> _Exercise instructions_
Reproduce the listing in full, exactly as written, but without images.

> _Exercise materials_
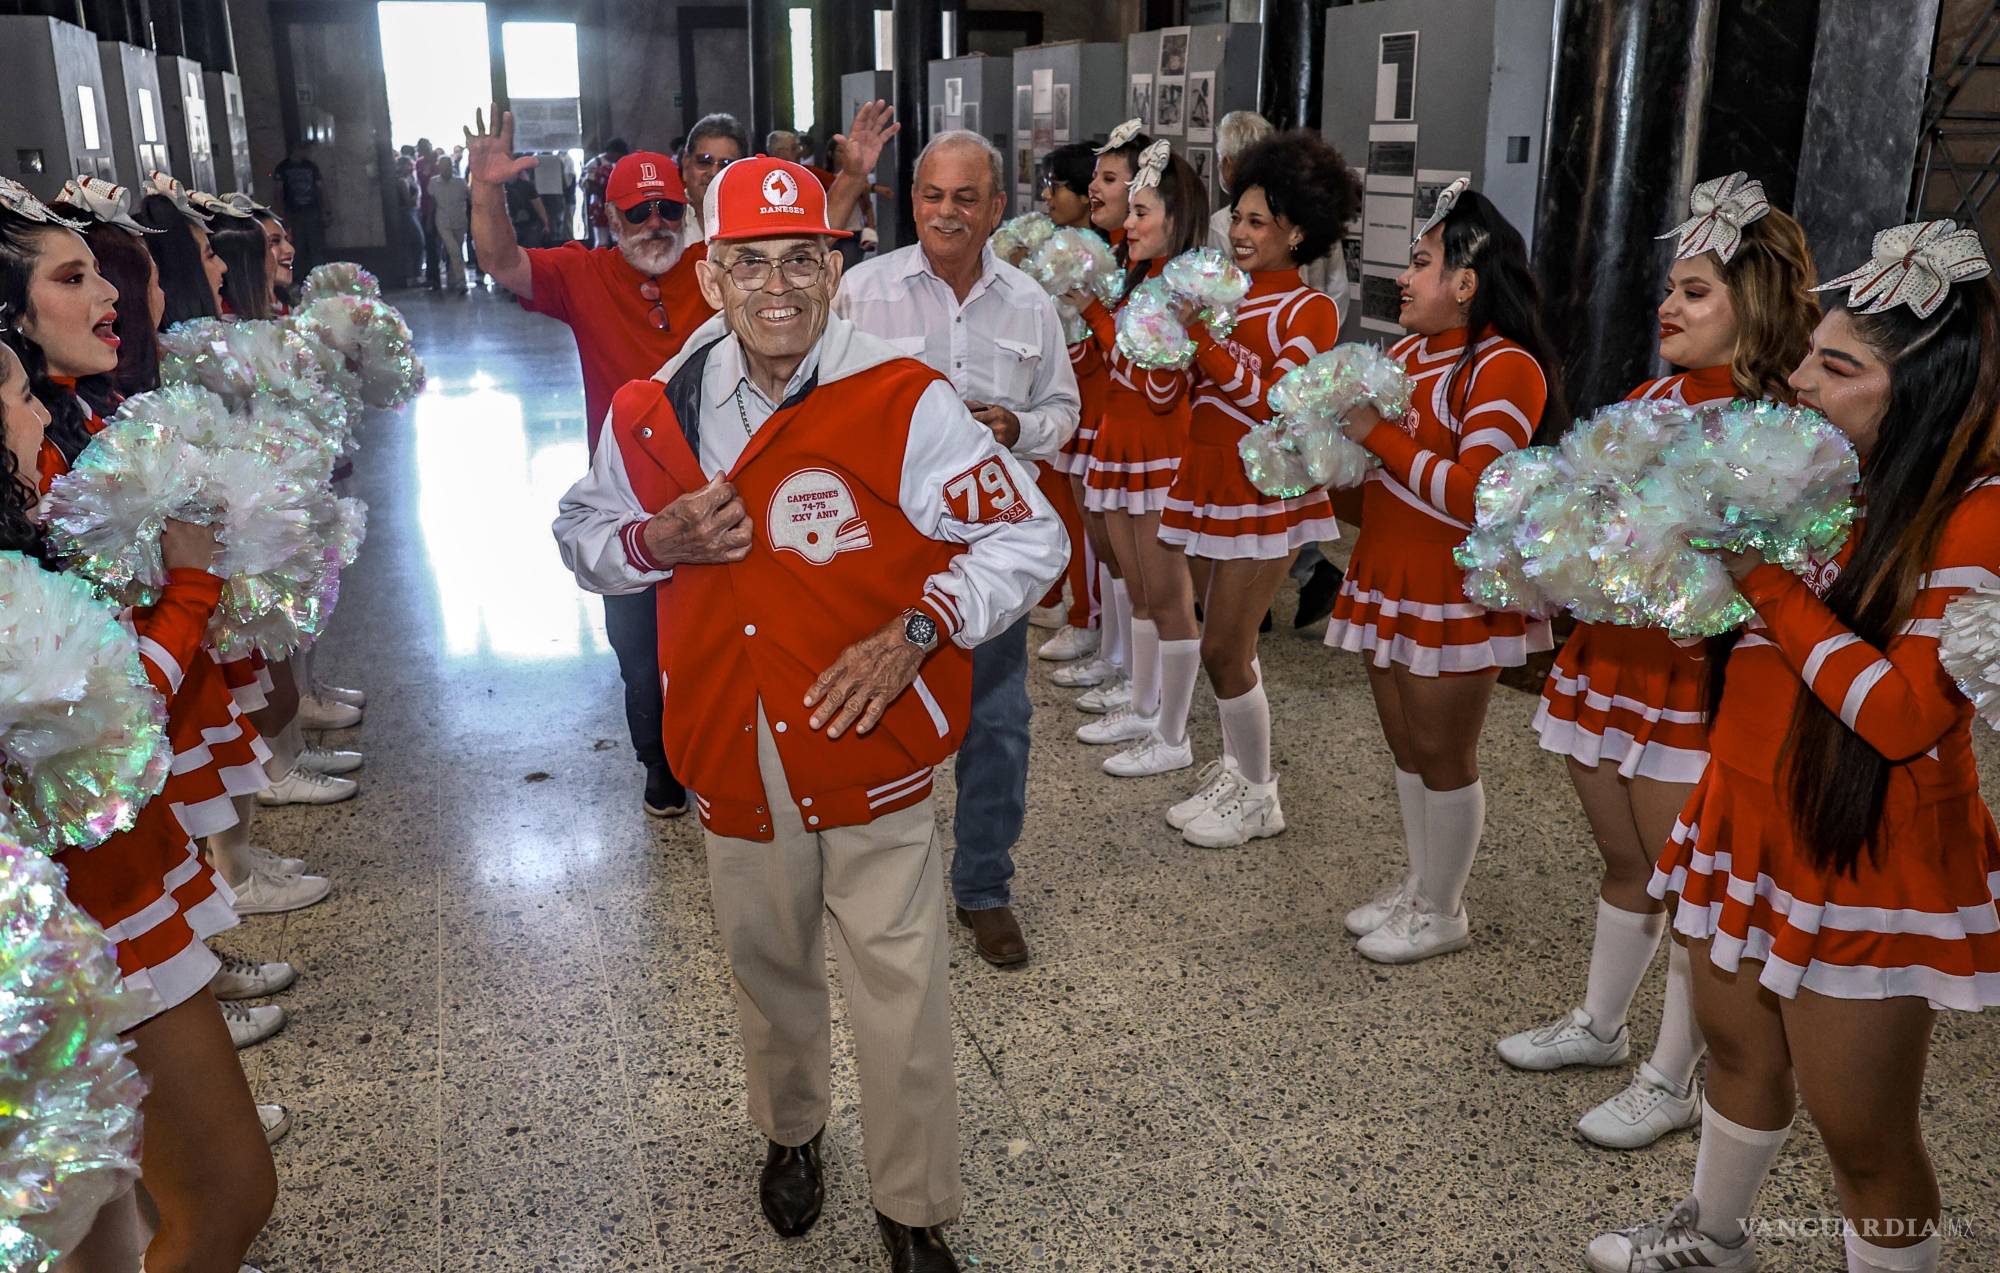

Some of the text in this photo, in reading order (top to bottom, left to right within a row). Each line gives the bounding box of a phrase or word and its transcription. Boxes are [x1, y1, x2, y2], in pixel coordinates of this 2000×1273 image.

[640, 162, 657, 181] D
[760, 206, 805, 215] DANESES
[787, 490, 839, 503] CAMPEONES
[946, 461, 1015, 522] 79
[802, 501, 826, 511] 74-75
[791, 509, 839, 522] XXV ANIV
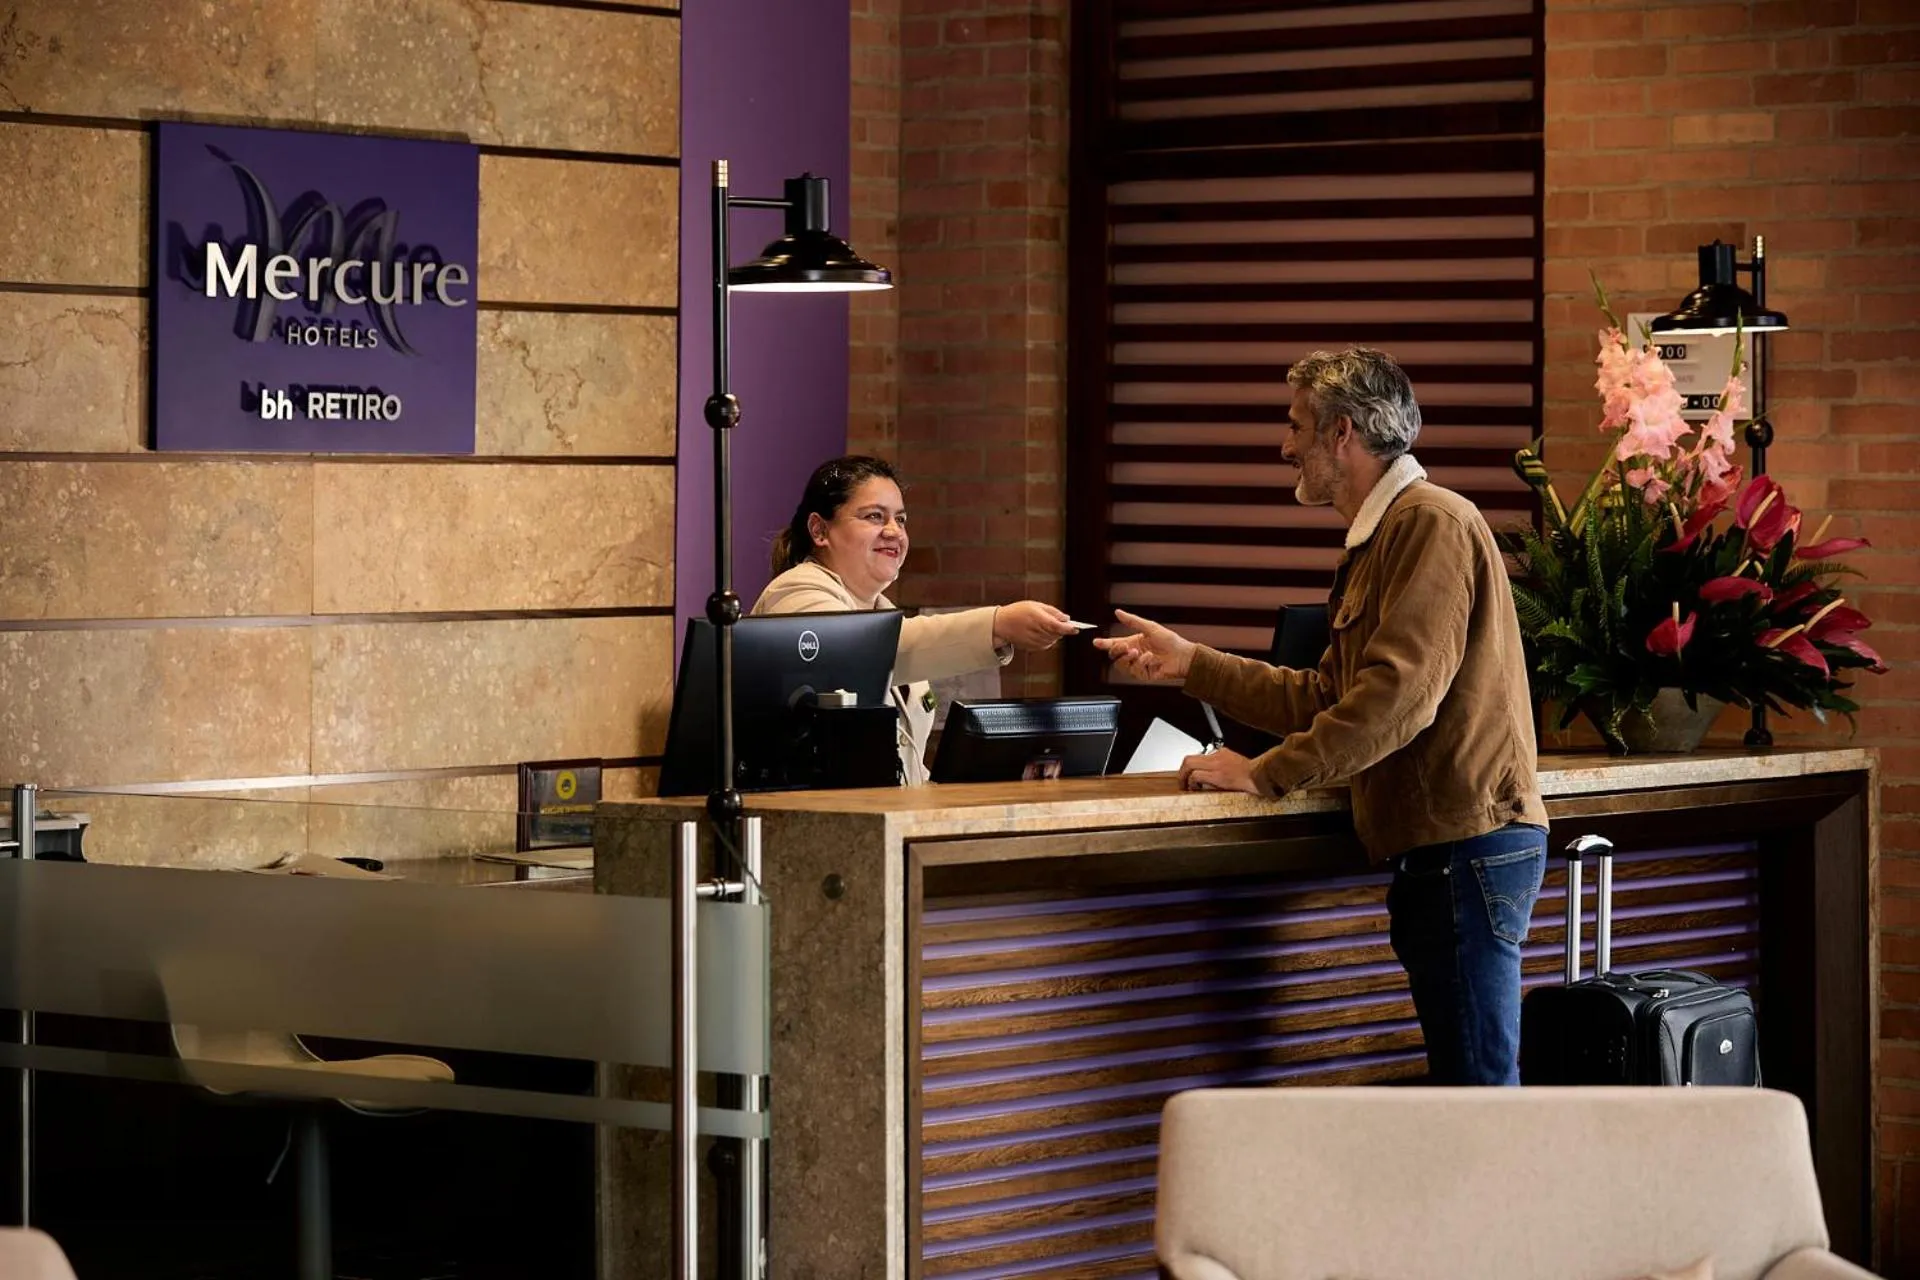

> _Written reply_
Some of the text in this photo, in reading order (top to bottom, left to right within a row). Each line gives the bounding box of a phrase or word and its transcription. Boxes are [x1, y1, x2, y2], in pixel coordinates of this 2000×1273 image.

[640, 162, 657, 181] D
[760, 206, 805, 215] DANESES
[787, 490, 839, 503] CAMPEONES
[946, 461, 1015, 522] 79
[802, 501, 826, 511] 74-75
[791, 509, 839, 522] XXV ANIV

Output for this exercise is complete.